=== SOURCE MATERIAL ===
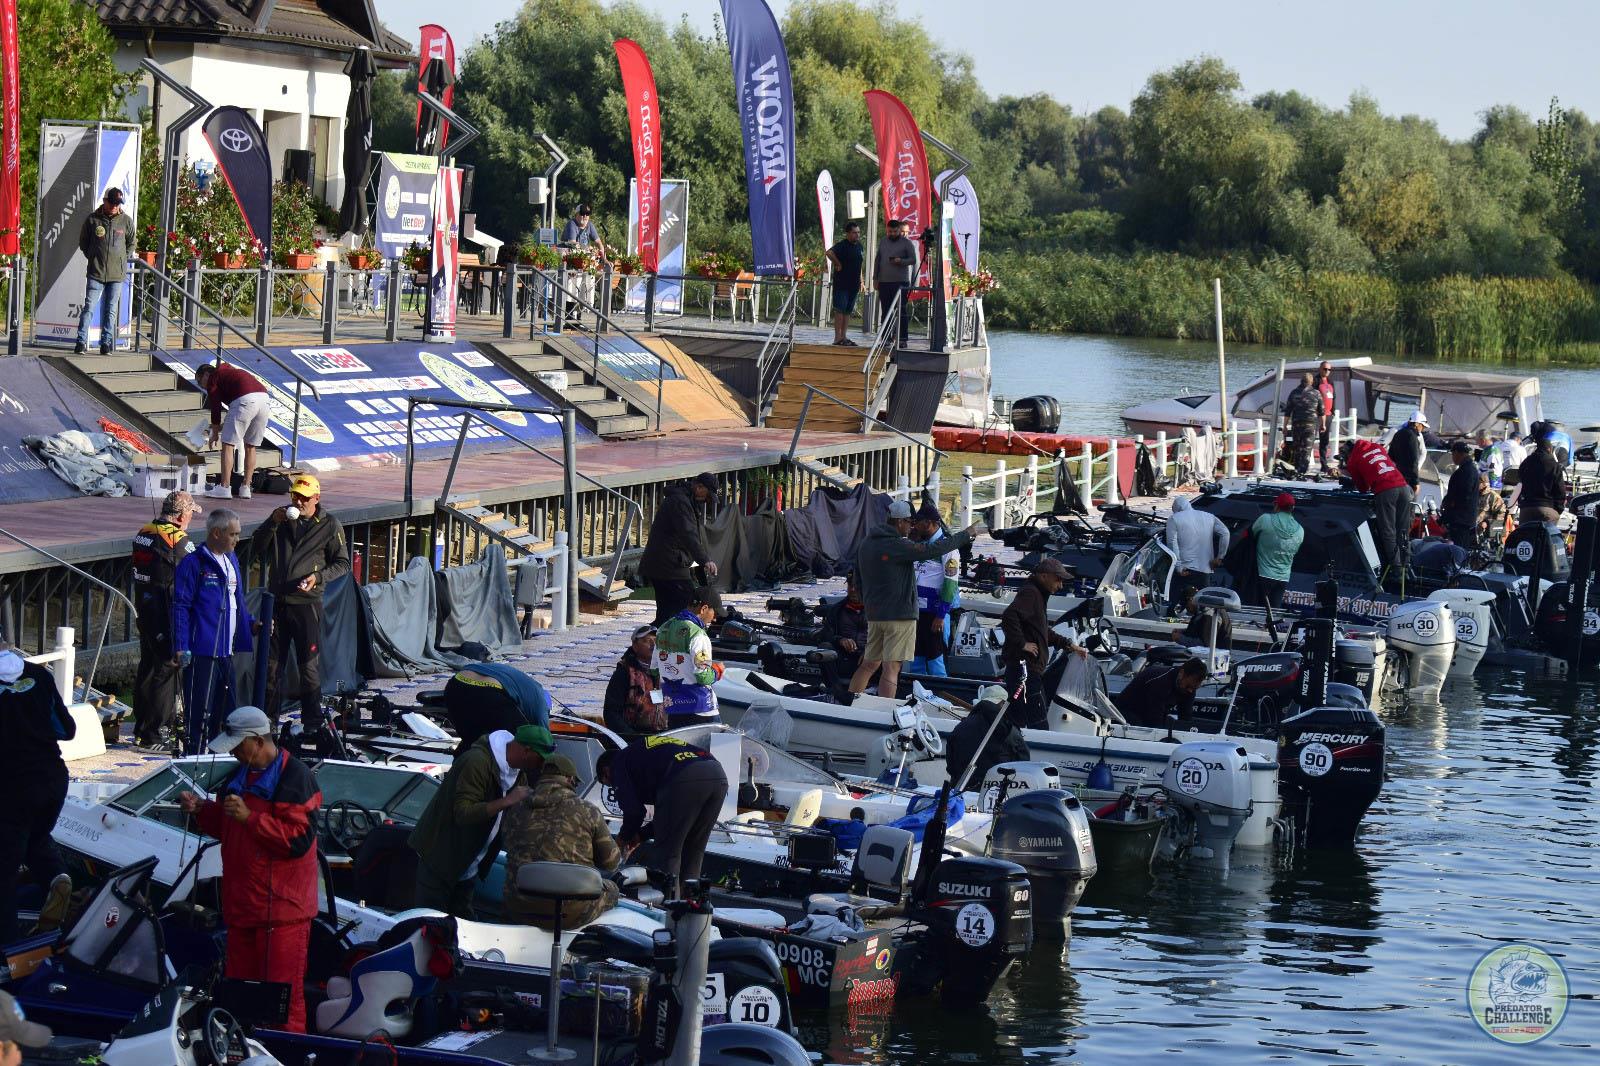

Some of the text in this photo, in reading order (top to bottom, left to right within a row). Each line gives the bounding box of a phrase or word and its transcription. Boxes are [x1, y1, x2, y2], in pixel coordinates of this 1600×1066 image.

[44, 180, 91, 249] DAIWA
[402, 216, 425, 229] NetBet
[659, 213, 680, 236] MIN
[298, 352, 366, 370] NetBet
[1417, 619, 1434, 630] 30
[1457, 624, 1473, 635] 32
[1583, 619, 1598, 629] 34
[960, 633, 977, 646] 35
[1301, 669, 1310, 697] TALON
[1356, 672, 1369, 681] 115
[1200, 706, 1219, 714] 470
[1294, 731, 1370, 745] MERCURY
[1171, 760, 1226, 771] HDA
[1305, 752, 1327, 768] 90
[1181, 769, 1202, 785] 20
[1028, 836, 1063, 848] YAMAHA
[938, 882, 991, 898] SUZUKI
[962, 916, 987, 935] 14
[797, 964, 829, 988] MC
[740, 1003, 770, 1023] 10
[655, 1000, 669, 1048] TALON
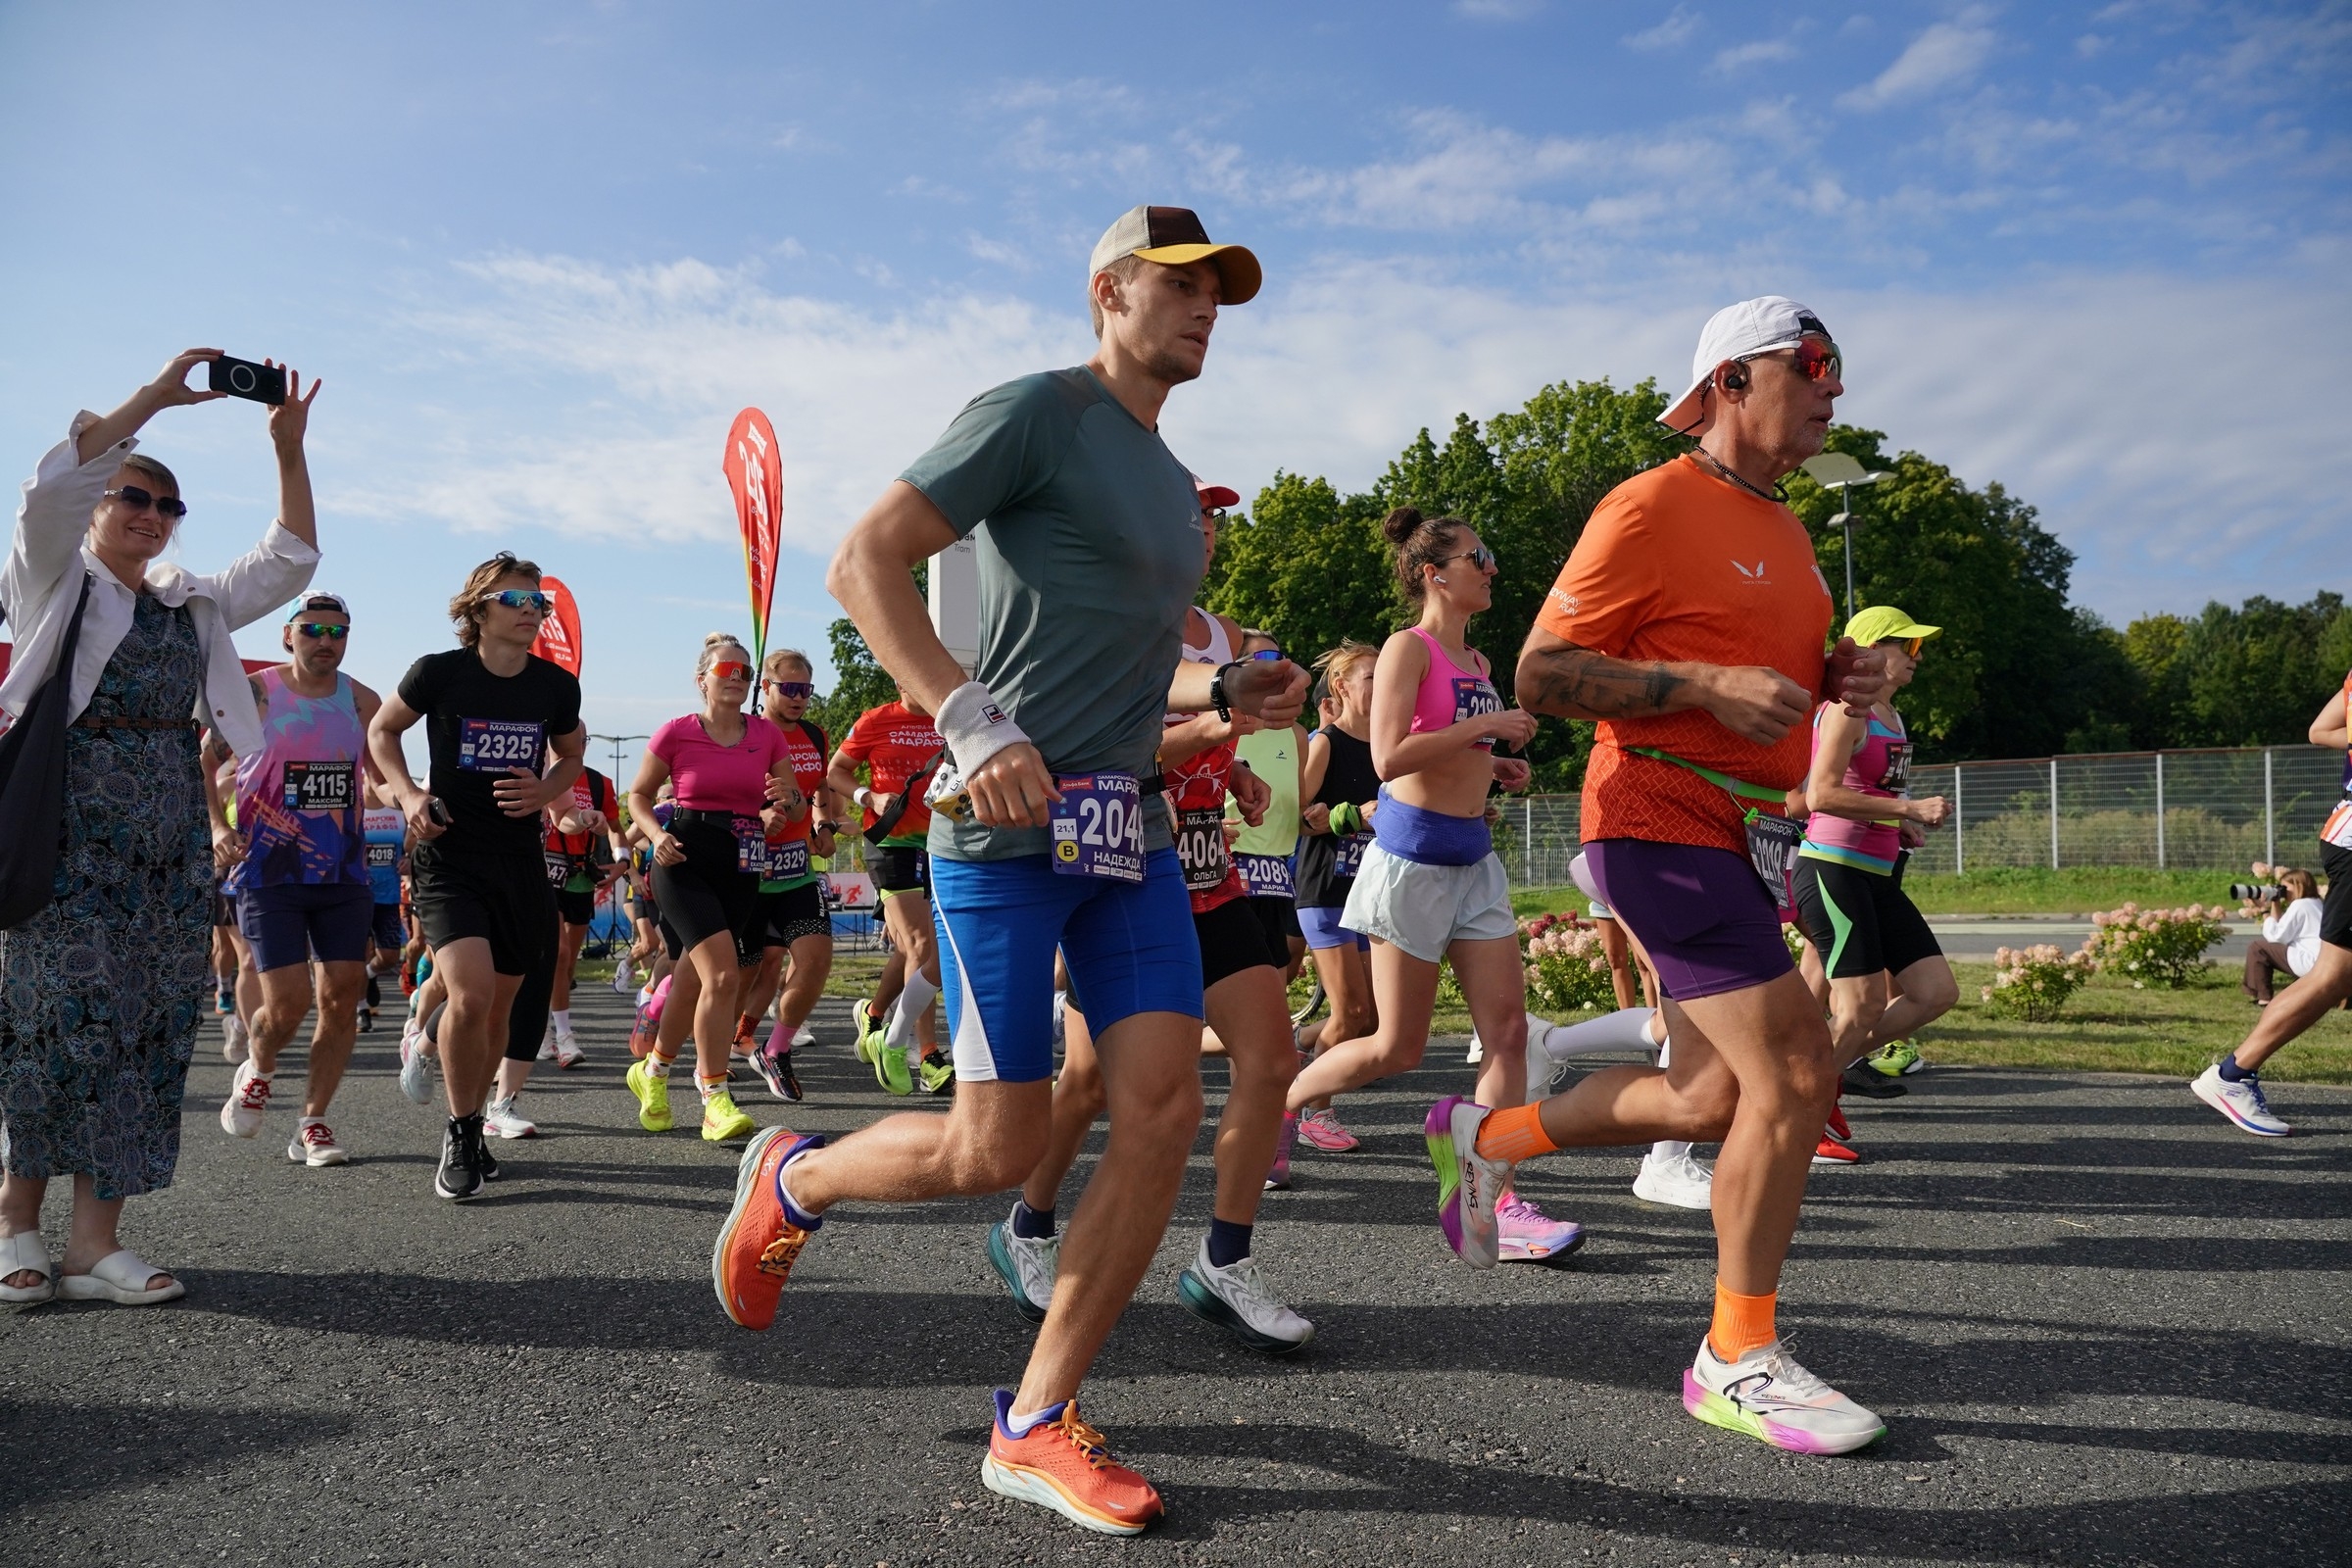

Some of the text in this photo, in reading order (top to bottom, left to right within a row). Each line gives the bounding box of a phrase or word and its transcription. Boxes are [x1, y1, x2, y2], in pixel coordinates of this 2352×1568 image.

[955, 544, 970, 553] Tram
[1559, 603, 1578, 616] RUN
[489, 724, 538, 733] МАРАФОН
[477, 733, 533, 760] 2325
[302, 774, 347, 797] 4115
[1098, 780, 1140, 796] МАРА
[1056, 825, 1075, 834] 21,1
[1079, 797, 1144, 856] 2048
[1759, 820, 1793, 837] МАРАФОН
[368, 849, 394, 860] 4018
[1176, 830, 1225, 869] 4064
[773, 850, 806, 871] 2329
[1094, 851, 1141, 871] НАДЕЖДА
[1194, 870, 1217, 881] ОЛЬГА
[1248, 858, 1290, 885] 2089
[760, 1141, 788, 1177] HOKA

=== WORK REQUIRED ===
Without any pictures, return the entries exactly as given.

=== YOUR SOLUTION ===
Some of the text in this photo, in reading order (top to bottom, left to right within a row). Each line gives the bounding box of a phrase or word and its transcription. Boxes are [x1, y1, x2, y2], in pixel coordinates of this 1600×1066 image.

[44, 180, 91, 249] DAIWA
[402, 216, 425, 229] NetBet
[659, 213, 680, 236] MIN
[298, 352, 366, 370] NetBet
[1417, 619, 1434, 630] 30
[1457, 624, 1473, 635] 32
[1583, 619, 1598, 629] 34
[960, 633, 977, 646] 35
[1301, 669, 1310, 697] TALON
[1356, 672, 1369, 681] 115
[1200, 706, 1219, 714] 470
[1294, 731, 1370, 745] MERCURY
[1171, 760, 1226, 771] HDA
[1305, 752, 1327, 768] 90
[1181, 769, 1202, 785] 20
[1028, 836, 1063, 848] YAMAHA
[938, 882, 991, 898] SUZUKI
[962, 916, 987, 935] 14
[797, 964, 829, 988] MC
[740, 1003, 770, 1023] 10
[655, 1000, 669, 1048] TALON

Some of the text in this photo, in reading order (top to bottom, left to right within a row). Each line gives the bounding box of a phrase or word and its transcription. Boxes are [x1, y1, x2, y2], in pixel coordinates of this 2352×1568 image.

[955, 544, 970, 553] Tram
[1559, 603, 1578, 616] RUN
[489, 724, 538, 733] МАРАФОН
[477, 733, 533, 760] 2325
[302, 774, 347, 797] 4115
[1098, 780, 1140, 796] МАРА
[1056, 825, 1075, 834] 21,1
[1079, 797, 1144, 856] 2048
[1759, 820, 1793, 837] МАРАФОН
[368, 849, 394, 860] 4018
[1176, 830, 1225, 869] 4064
[773, 850, 806, 871] 2329
[1094, 851, 1141, 871] НАДЕЖДА
[1194, 870, 1217, 881] ОЛЬГА
[1248, 858, 1290, 885] 2089
[760, 1141, 788, 1177] HOKA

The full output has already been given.